Task requirements:
Whatever appears in the records, retype it exactly, except for the pictures.

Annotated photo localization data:

# # #

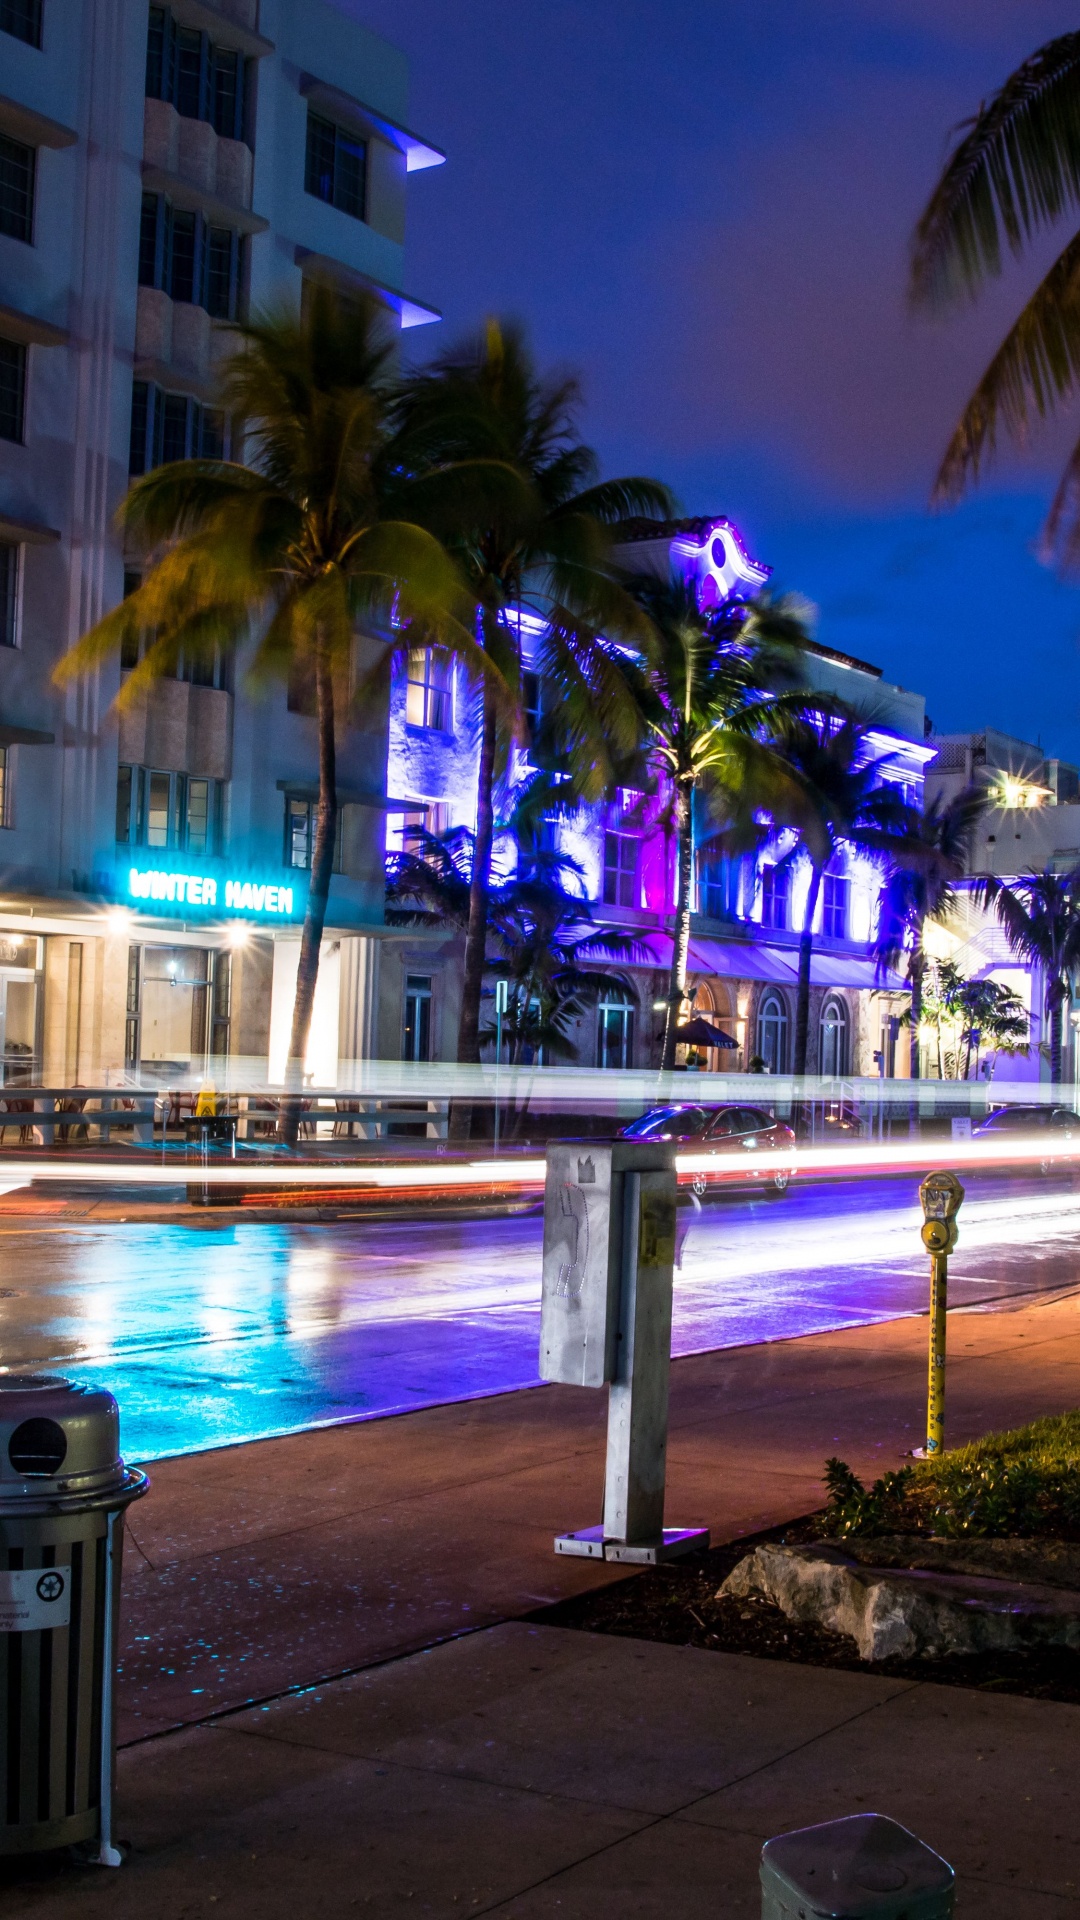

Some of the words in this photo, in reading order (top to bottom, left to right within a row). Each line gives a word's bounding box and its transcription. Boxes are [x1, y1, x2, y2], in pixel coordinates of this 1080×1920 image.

[129, 868, 217, 906] WINTER
[225, 880, 293, 914] HAVEN
[929, 1318, 937, 1430] HOMELESSNESS
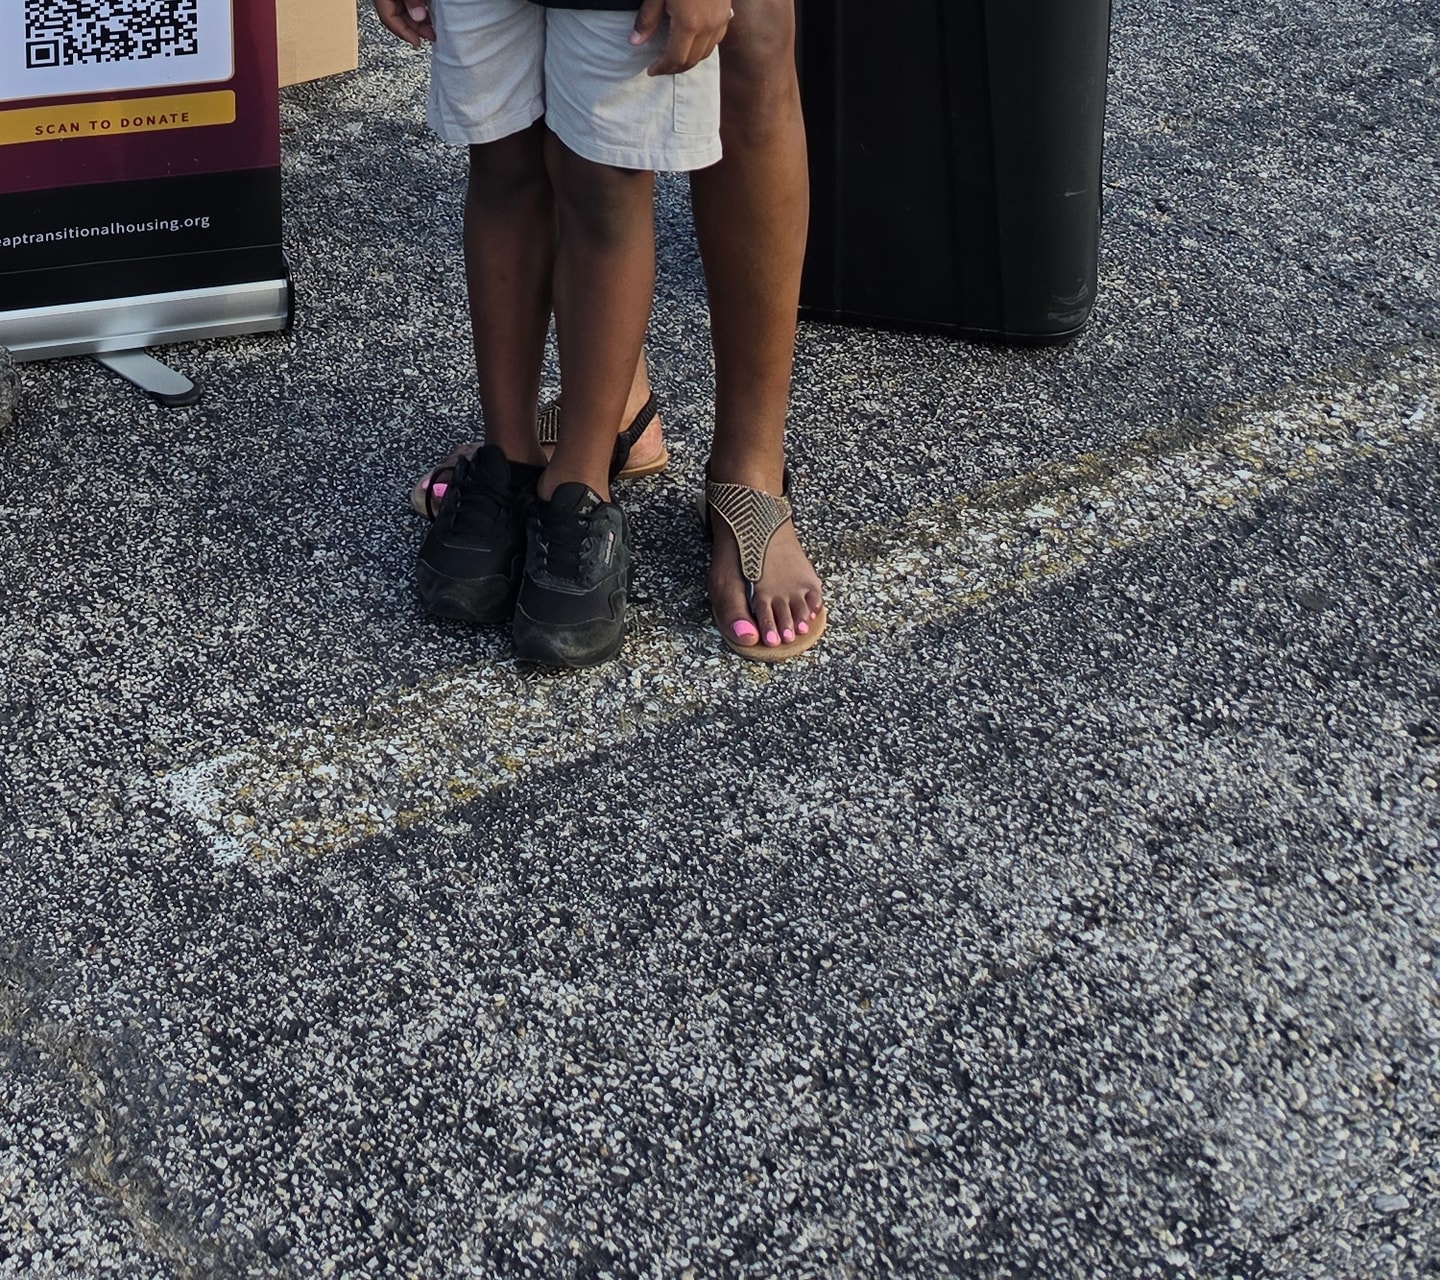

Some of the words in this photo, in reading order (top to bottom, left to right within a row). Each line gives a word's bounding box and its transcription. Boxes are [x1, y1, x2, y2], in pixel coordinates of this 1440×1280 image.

# # #

Final answer:
Some of the words in this photo, in reading order (top to bottom, left to right within a row). Each line gives a word's bounding box and its transcription. Boxes are [x1, y1, x2, y2], in pixel coordinates of this 1080×1920 image.

[129, 868, 217, 906] WINTER
[225, 880, 293, 914] HAVEN
[929, 1318, 937, 1430] HOMELESSNESS

Some of the words in this photo, in reading order (top to bottom, left to right within a row). Each line gives a word's bounding box and its transcription. Boxes are [x1, y1, x2, y2], in pixel coordinates of this 1440×1280 image.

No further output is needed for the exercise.